*** DATA UNDER STUDY Section Begins ***
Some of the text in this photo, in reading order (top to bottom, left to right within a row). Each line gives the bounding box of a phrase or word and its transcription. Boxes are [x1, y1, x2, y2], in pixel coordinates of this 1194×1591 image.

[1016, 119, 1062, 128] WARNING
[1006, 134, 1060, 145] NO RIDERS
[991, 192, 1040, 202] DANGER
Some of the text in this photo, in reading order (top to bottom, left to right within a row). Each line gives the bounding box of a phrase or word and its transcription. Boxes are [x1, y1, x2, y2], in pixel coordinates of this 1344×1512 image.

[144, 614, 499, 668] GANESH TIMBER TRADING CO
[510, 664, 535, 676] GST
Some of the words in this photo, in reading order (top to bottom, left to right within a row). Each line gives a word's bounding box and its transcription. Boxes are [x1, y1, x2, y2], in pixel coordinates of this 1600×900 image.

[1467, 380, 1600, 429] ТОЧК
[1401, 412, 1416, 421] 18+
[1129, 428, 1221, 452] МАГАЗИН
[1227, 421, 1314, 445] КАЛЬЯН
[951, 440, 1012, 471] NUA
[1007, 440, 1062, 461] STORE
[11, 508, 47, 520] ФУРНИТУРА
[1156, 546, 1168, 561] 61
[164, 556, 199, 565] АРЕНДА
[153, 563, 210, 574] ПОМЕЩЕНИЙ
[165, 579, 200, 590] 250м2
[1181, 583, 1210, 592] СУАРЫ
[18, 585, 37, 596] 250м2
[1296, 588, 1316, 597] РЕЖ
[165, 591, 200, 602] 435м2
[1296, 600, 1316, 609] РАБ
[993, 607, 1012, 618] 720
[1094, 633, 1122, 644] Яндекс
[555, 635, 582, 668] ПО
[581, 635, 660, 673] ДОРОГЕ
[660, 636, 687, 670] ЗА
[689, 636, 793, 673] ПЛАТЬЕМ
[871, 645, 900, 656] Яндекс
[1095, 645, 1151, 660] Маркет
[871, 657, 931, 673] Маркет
*** DATA UNDER STUDY Section Ends ***
THE TASK:
Please copy out every line shown above, exactly.

WRITTEN SOLUTION:
Some of the text in this photo, in reading order (top to bottom, left to right within a row). Each line gives the bounding box of a phrase or word and its transcription. Boxes are [x1, y1, x2, y2], in pixel coordinates of this 1194×1591 image.

[1016, 119, 1062, 128] WARNING
[1006, 134, 1060, 145] NO RIDERS
[991, 192, 1040, 202] DANGER
Some of the text in this photo, in reading order (top to bottom, left to right within a row). Each line gives the bounding box of a phrase or word and its transcription. Boxes are [x1, y1, x2, y2], in pixel coordinates of this 1344×1512 image.

[144, 614, 499, 668] GANESH TIMBER TRADING CO
[510, 664, 535, 676] GST
Some of the words in this photo, in reading order (top to bottom, left to right within a row). Each line gives a word's bounding box and its transcription. Boxes are [x1, y1, x2, y2], in pixel coordinates of this 1600×900 image.

[1467, 380, 1600, 429] ТОЧК
[1401, 412, 1416, 421] 18+
[1129, 428, 1221, 452] МАГАЗИН
[1227, 421, 1314, 445] КАЛЬЯН
[951, 440, 1012, 471] NUA
[1007, 440, 1062, 461] STORE
[11, 508, 47, 520] ФУРНИТУРА
[1156, 546, 1168, 561] 61
[164, 556, 199, 565] АРЕНДА
[153, 563, 210, 574] ПОМЕЩЕНИЙ
[165, 579, 200, 590] 250м2
[1181, 583, 1210, 592] СУАРЫ
[18, 585, 37, 596] 250м2
[1296, 588, 1316, 597] РЕЖ
[165, 591, 200, 602] 435м2
[1296, 600, 1316, 609] РАБ
[993, 607, 1012, 618] 720
[1094, 633, 1122, 644] Яндекс
[555, 635, 582, 668] ПО
[581, 635, 660, 673] ДОРОГЕ
[660, 636, 687, 670] ЗА
[689, 636, 793, 673] ПЛАТЬЕМ
[871, 645, 900, 656] Яндекс
[1095, 645, 1151, 660] Маркет
[871, 657, 931, 673] Маркет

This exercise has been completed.